16-year-old university professor Carina Lammle.

This post is in partnership with Worldcrunch, a new global-news site that translates stories of note in foreign languages into English. The article below was originally published in Tages-Anzeiger.

BIBERACH — Carina Lämmle calls it "a little bit unfair..." Teaching at the University of Applied Sciences in Biberach, she is not able to drive herself to school, like most of her own students do.

At 16, she is thought to be the youngest lecturer in Germany. And no, she can't even get into the local disco in this southern German college town.

On campus, she's taken for a student. But that, she believes, may be due to the fact that she looks a little older than she is. Lämmle, in fact, is still in high school. She's an 11th grader at Biberach's Pestalozzi Gymnasium. It will be another year-and-a-half before she graduates.
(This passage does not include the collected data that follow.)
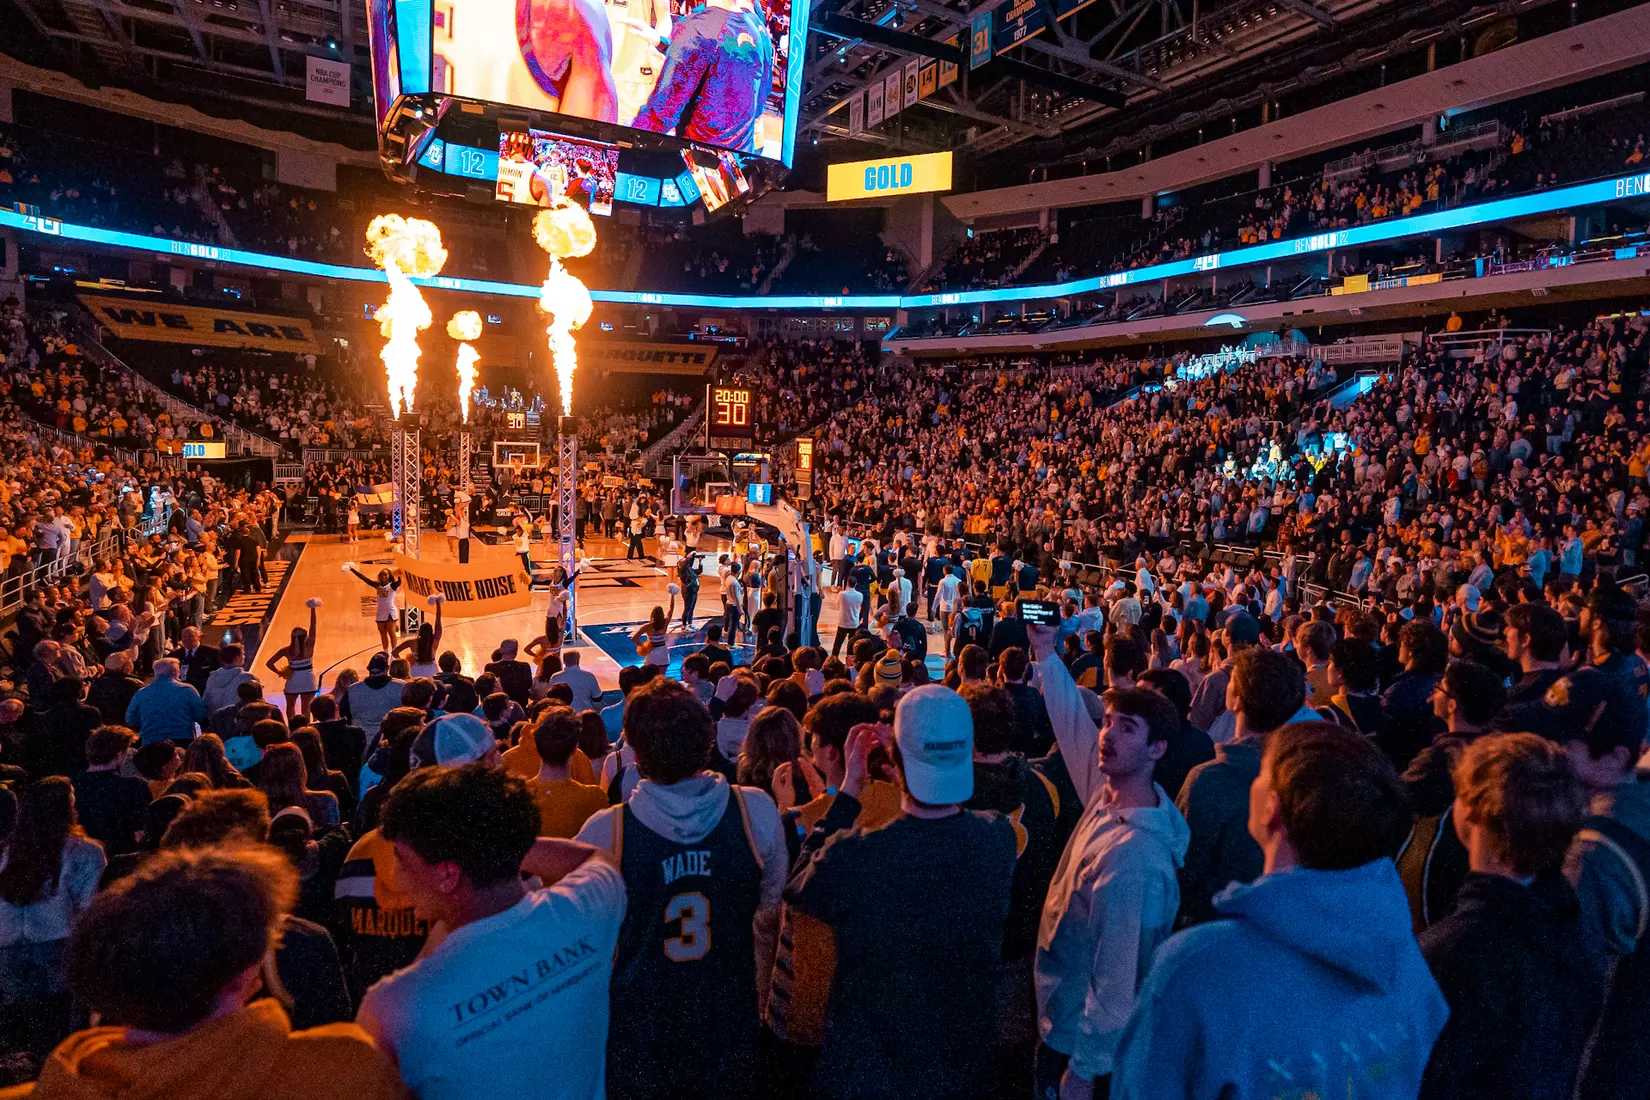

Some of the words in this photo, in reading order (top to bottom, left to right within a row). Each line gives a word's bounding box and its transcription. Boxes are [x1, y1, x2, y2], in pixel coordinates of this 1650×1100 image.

[974, 27, 989, 55] 31
[1014, 25, 1027, 41] 1977
[310, 74, 346, 87] CHAMPIONS
[315, 68, 328, 77] NBA
[922, 68, 932, 86] 14
[461, 150, 485, 175] 12
[865, 163, 913, 191] GOLD
[627, 178, 648, 200] 12
[101, 307, 194, 330] WE
[213, 319, 311, 341] ARE
[715, 390, 749, 403] 20:00
[508, 419, 523, 428] 30
[717, 403, 746, 424] 30
[404, 570, 432, 597] MAKE
[434, 580, 474, 601] SOME
[474, 574, 517, 600] NOISE
[661, 850, 712, 885] WADE
[664, 891, 711, 962] 3
[448, 968, 529, 1022] TOWN
[535, 934, 597, 978] BANK
On the day Lämmle gave her first lecture, the auditorium was full. There were the soon-to-graduate bachelor of science students  —  in their seventh semester of Pharmaceutical Biotechnology  —  who all had to be there. But fellow teachers were also out in force, there to see for themselves if it was true what Professor Chrystelle Mavoungou had said about Lämmle: this teenager was a "natural-born scientist," who not only knew her subject but also possessed a gift for teaching.
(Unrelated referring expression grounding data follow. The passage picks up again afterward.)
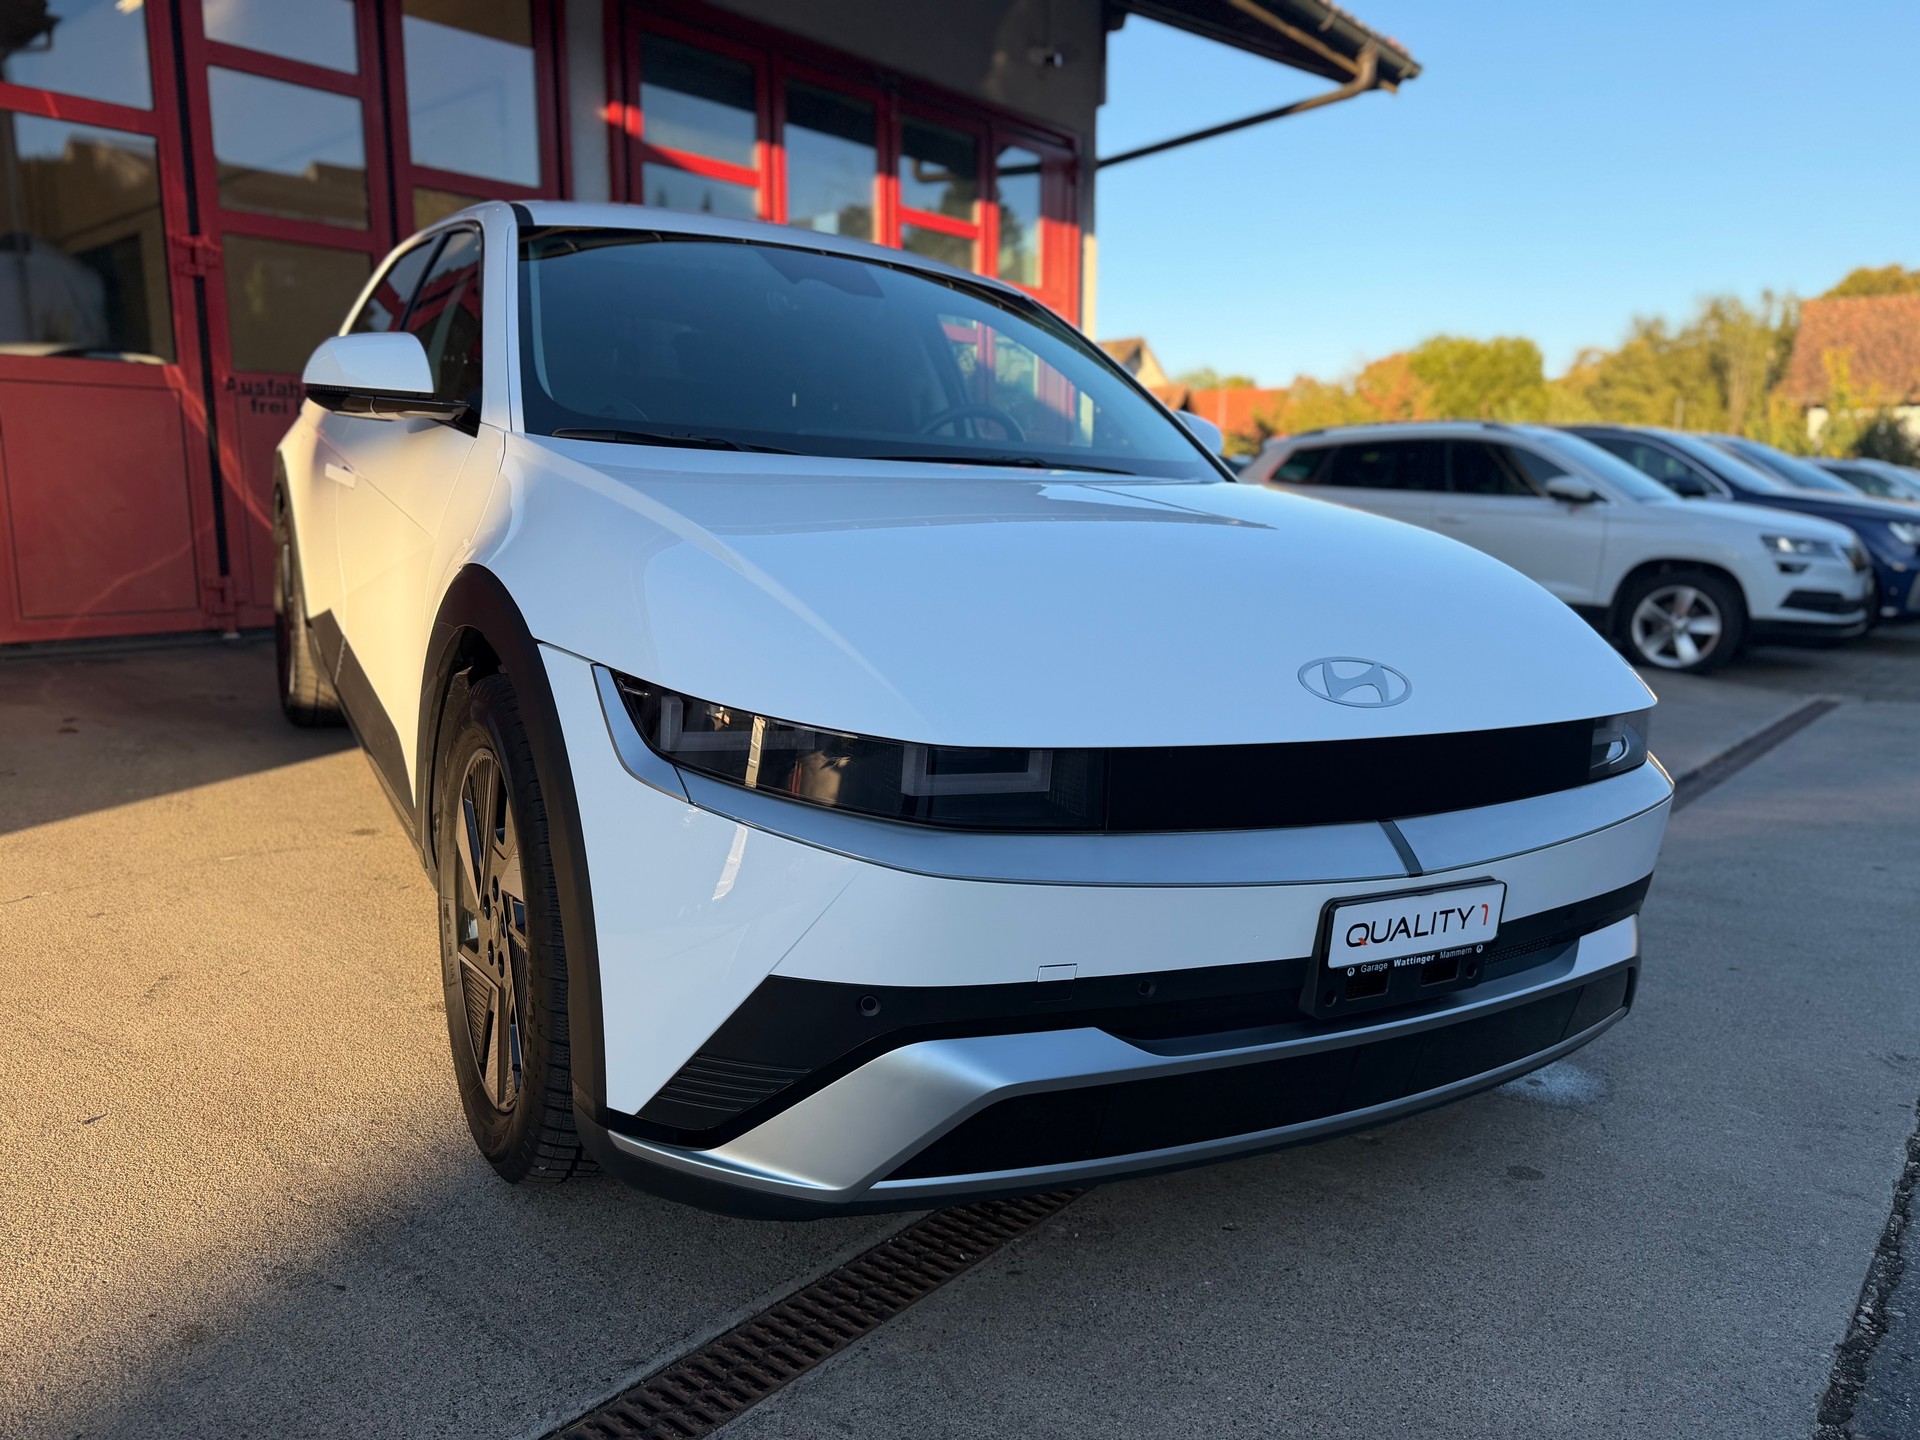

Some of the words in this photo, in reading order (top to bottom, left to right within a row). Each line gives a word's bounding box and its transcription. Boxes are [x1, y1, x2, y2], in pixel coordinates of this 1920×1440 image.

[226, 376, 301, 395] Ausfah
[250, 397, 288, 415] frei
[1345, 905, 1475, 948] QUALITY
[1481, 903, 1489, 926] 1
[1360, 961, 1389, 973] Garage
[1393, 953, 1436, 968] Wattinger
[1439, 946, 1473, 959] Mammern
Mavoungou says it's not just just Lämmle's academic gifts that make her such a good teacher. "Ms Lämmle is also somebody who can keep unruly students under control."

Balancing biotech with gymnastics and piano lessons

Lämmle, who hails from the Upper Swabia region of Germany, is almost certainly the youngest college professor in Germany. She was interested in biology, physics and chemistry from the start at high school, but not to the detriment of other activities  —  gymnastics, tennis and piano playing are also important to her.

She has won various prizes in academic competitions and eventually earned a grant to the Student Research Center in Bad Saulgau, which is where she discovered her passion for a subject many find hard to even pronounce correctly: Massenspektrometrie, or mass spectrometry. Even fewer know the meaning of the discipline: a way of measuring the mass-to-charge ratio of charged particles.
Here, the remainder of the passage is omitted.